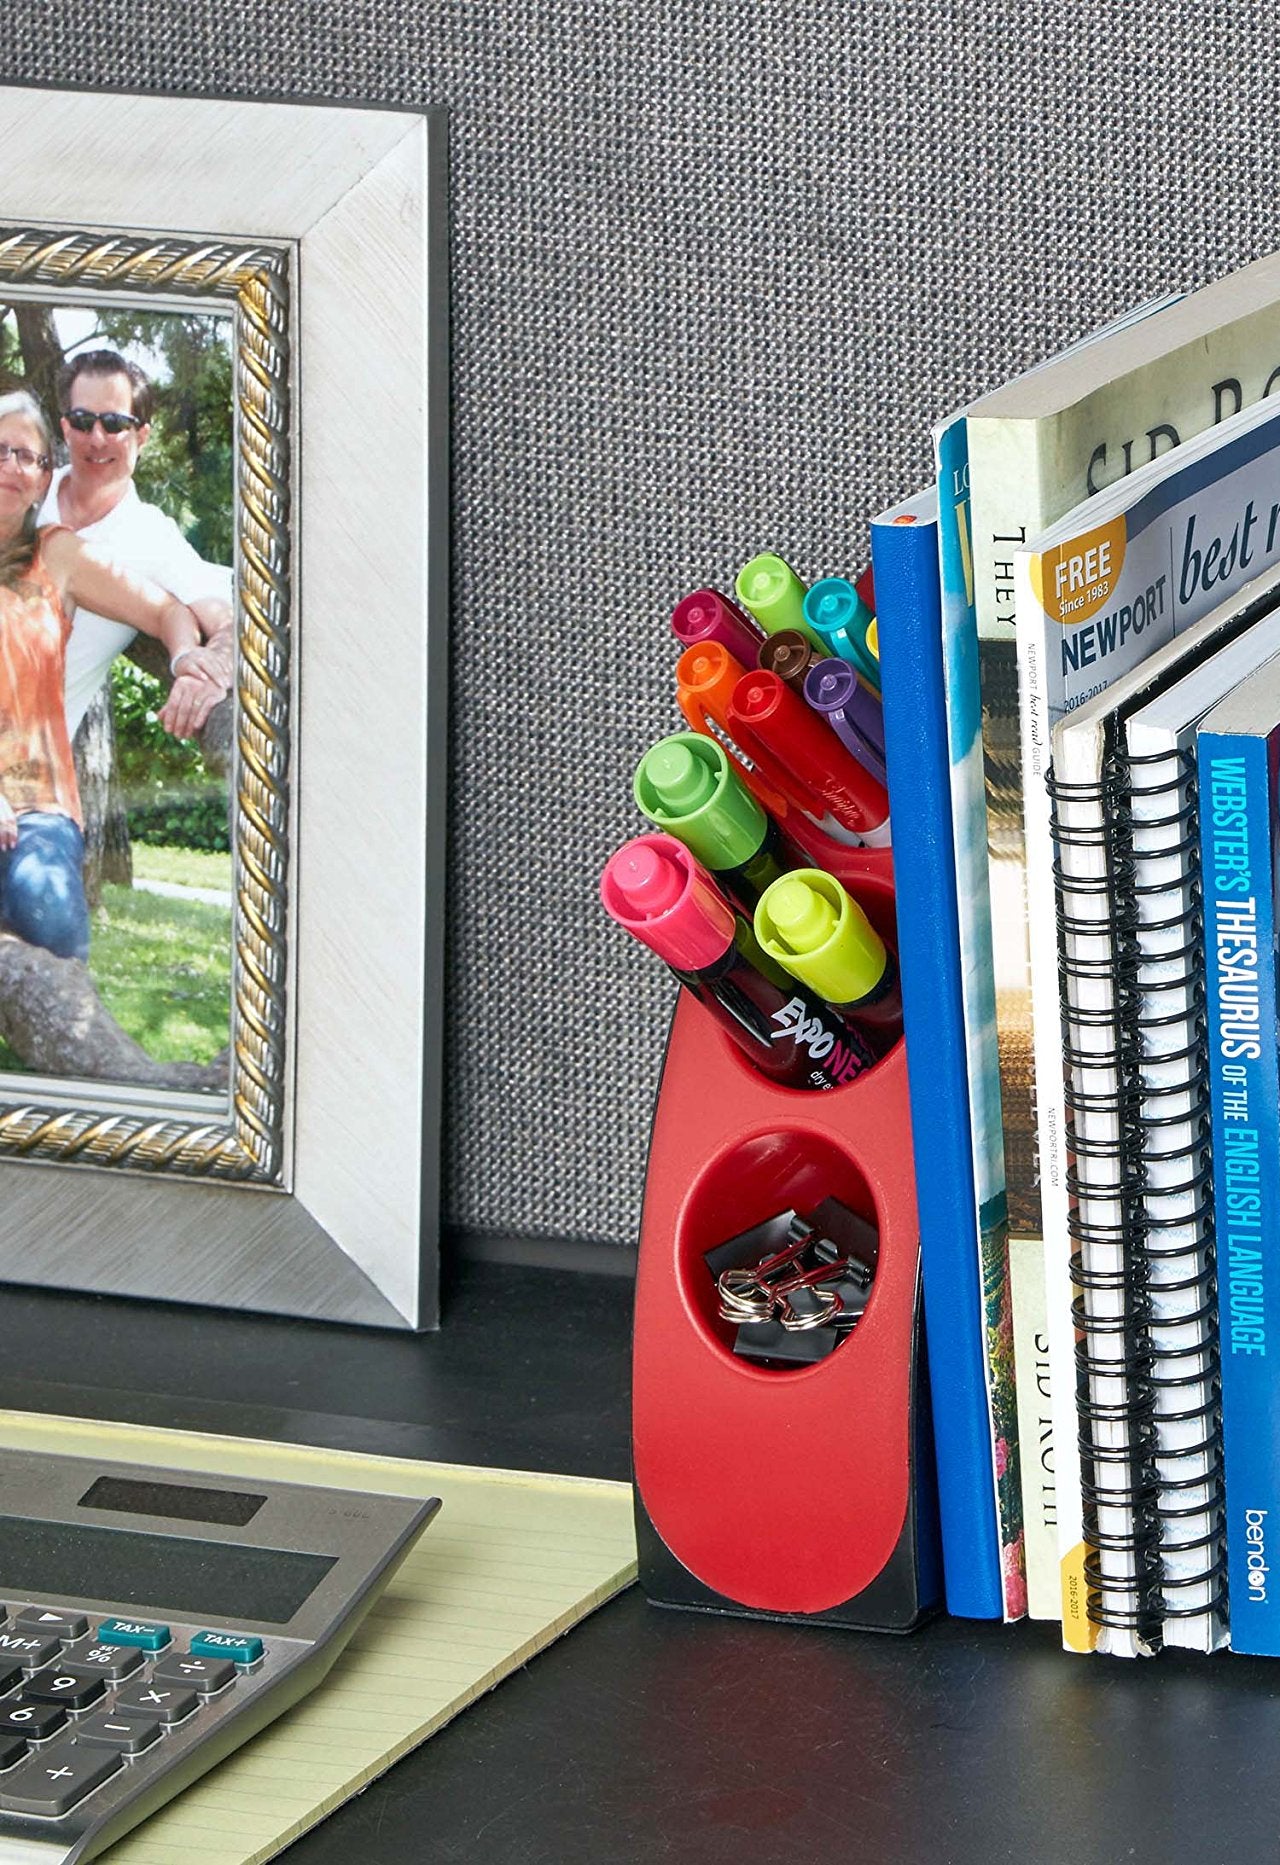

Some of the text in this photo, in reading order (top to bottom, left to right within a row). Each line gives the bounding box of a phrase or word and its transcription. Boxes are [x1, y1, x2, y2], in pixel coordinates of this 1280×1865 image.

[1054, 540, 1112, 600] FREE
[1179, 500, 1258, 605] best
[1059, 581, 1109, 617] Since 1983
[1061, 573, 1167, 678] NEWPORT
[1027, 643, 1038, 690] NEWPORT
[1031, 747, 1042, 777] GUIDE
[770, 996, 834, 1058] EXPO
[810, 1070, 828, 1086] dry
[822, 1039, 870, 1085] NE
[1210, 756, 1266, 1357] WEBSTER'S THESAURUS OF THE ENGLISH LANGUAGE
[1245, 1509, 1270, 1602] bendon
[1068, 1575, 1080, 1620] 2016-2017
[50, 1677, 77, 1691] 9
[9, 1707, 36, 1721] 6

##############################

WHAT IS REQUIRED
Everything in the entries except the images must be copied exactly.

ANSWER FOR THIS EXERCISE
Some of the text in this photo, in reading order (top to bottom, left to right within a row). Each line gives the bounding box of a phrase or word and its transcription. Boxes are [x1, y1, x2, y2], in pixel coordinates of this 1280×1865 image.

[1054, 540, 1112, 600] FREE
[1179, 500, 1258, 605] best
[1059, 581, 1109, 617] Since 1983
[1061, 573, 1167, 678] NEWPORT
[1027, 643, 1038, 690] NEWPORT
[1031, 747, 1042, 777] GUIDE
[770, 996, 834, 1058] EXPO
[810, 1070, 828, 1086] dry
[822, 1039, 870, 1085] NE
[1210, 756, 1266, 1357] WEBSTER'S THESAURUS OF THE ENGLISH LANGUAGE
[1245, 1509, 1270, 1602] bendon
[1068, 1575, 1080, 1620] 2016-2017
[50, 1677, 77, 1691] 9
[9, 1707, 36, 1721] 6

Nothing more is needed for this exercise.